“BAGI kami, 13-14 Februari bukan hari Valentine. Melainkan hari Erupsi Gunung Kelud.”
Rangkaian kata di foto yang diposting akun facebook Erik Raden Mas Sukoco ini menggelitik. Pemilik akun, Erik Strada mengaku mendapatkan foto itu dari Deni, temannya.
Bukan asal comot. Bagi pria yang akrab dipanggil Sukoco ini, tanggal itu sangat berkesan. Akan selalu dikenangnya hingga akhir hayat.
Tepat tanggal itu, tahun 2014 lalu, Gunung Kelud mengamuk. Dampak letusannya hingga Jawa Barat dan Nusantara Tenggara Barat. Sukoco bersama puluhan ribu warga lereng Kelud merasakan kengerian amuk Sang Kelud.
Tak berlebihan jika menyebut Sukoco bagian dari saksi sejarah letusan Kelud 2014. Sukoco adalah penyiar Radio Kelud FM. Dia juga tergabung dalam Jangkar Kelud yang terlibat dalam aksi penanggulangan bencana Kelud.

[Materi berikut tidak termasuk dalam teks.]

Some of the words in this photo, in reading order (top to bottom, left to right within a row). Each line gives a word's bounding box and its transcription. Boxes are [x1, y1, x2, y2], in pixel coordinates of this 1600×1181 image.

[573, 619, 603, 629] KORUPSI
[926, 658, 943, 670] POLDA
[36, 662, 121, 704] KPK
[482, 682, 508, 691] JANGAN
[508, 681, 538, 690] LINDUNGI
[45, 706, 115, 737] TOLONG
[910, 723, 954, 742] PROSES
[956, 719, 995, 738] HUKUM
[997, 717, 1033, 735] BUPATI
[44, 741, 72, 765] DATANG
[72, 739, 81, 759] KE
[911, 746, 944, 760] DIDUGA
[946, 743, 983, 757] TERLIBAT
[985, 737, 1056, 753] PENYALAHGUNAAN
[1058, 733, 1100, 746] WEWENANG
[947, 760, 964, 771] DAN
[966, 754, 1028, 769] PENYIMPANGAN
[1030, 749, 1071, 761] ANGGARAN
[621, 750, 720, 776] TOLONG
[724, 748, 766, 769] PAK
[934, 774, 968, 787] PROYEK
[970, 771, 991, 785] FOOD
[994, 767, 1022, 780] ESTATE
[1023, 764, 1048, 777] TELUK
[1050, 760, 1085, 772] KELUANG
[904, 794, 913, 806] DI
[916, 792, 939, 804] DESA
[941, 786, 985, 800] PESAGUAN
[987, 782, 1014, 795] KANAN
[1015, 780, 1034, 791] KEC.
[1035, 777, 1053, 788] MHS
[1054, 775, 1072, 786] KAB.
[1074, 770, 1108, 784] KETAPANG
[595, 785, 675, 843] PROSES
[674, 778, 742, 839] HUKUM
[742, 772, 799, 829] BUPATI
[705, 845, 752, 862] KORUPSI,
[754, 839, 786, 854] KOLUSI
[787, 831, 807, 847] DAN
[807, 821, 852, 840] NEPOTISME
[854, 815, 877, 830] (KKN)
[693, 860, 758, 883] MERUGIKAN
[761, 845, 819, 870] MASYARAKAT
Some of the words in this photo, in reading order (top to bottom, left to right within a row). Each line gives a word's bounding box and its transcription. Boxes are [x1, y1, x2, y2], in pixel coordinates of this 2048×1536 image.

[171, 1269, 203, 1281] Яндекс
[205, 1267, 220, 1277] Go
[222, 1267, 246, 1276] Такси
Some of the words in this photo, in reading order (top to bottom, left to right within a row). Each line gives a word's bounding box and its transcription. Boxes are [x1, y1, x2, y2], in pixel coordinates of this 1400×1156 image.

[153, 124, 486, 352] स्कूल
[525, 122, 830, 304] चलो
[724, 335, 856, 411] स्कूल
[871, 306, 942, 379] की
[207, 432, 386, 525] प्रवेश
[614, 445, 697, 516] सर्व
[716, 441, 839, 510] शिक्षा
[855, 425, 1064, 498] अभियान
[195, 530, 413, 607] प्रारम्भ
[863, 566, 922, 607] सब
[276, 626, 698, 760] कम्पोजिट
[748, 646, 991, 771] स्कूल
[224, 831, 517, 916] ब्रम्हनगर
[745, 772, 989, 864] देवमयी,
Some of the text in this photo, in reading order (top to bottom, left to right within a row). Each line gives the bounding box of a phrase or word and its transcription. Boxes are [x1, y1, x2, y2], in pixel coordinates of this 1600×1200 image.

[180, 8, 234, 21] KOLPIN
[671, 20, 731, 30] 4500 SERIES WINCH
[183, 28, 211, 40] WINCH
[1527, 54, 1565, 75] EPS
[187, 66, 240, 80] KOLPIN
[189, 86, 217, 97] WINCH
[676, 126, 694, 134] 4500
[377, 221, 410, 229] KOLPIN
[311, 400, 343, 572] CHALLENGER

Pria bertubuh tinggi besar ini juga asisten Camat Ngancar Ngaseri, yang selalu menyertai ke manapun Pak Camat pergi. Dia kerap berada beraktifitas di Pos Pantau Gunung Kelud. Bahkan, mengambil resiko bertahan di Pos Pantau Gunung Kelud hingga letusan ketiga.
Bagaimana merasakan kengerian berhadapan dengan letusan Kelud? Berikut testimoni Sukoco menyambut dua tahun letusan Kelud yang dituliskannya untuk kediripedia.com:
Pada 13 Februari, waktu terasa sangat cepat. Tidak terasa sudah malam hari. Suasana Pos Pantau Kelud sangat gawat. Ada tremor terus menerus yang menunjukkan pergerakan magma menuju ke permukaan.
Letusan sudah dekat. Saya melihat pengamat yang bekerja tanpa berhenti. Beberapa hari terakhir, mereka bahkan jarang keluar ruang pengamatan.
Malam itu, saya turun ke dapur untuk membuatkan kopi para pengamat. Sebelum kopi jadi, salah satu pengamat turun ke dapur dan bilang: “Co, tremornya sudah mulai kelihatan. Mungkin besok meletus.”
Setelah mengantar kopi, saya ke ruang istirahat bersama Jono. Saya dengar ribut-ribut. Ternyata tremornya sudah keluar sudah tak terhitung sesmiknya.
Setelah itu, saya dimintai bantuan untuk mengoperasikan Handy Talky. Pak camat akhirnya menginformasikan jika status Gunung Kelud dinaikan menjadi Awas. Beliau mengomandokan untuk mengosongkan radius 10 km dari kawah.
Ketika status Awas, kami sudah bersiap-siap. Semua orang di Pos Pantau panik. Mobil diputar ke arah jalan. Disiapkan untuk dievakuasi.
Kami juga melepas pintu Pos Pantau, jika sewaktu-waktu ramai-ramai berlari berjubel di pintu.
Ketika letusan pertama, saya bersama pengamat masih bertahan di Pos Pantau. Dari depan Pos Pantau, kami melihat bunga pijar yang menyembur dari puncak Kelud.
Namun, kami tidak mengambil resiko ketika letusan ketiga. Letusan terlihat sangat dahsyat, material membumbung ke angkasa. Kami cepat-cepat naik mobil. Berpacu dengan turunnya material, saya memacu mobil dengan kecepatan tinggi.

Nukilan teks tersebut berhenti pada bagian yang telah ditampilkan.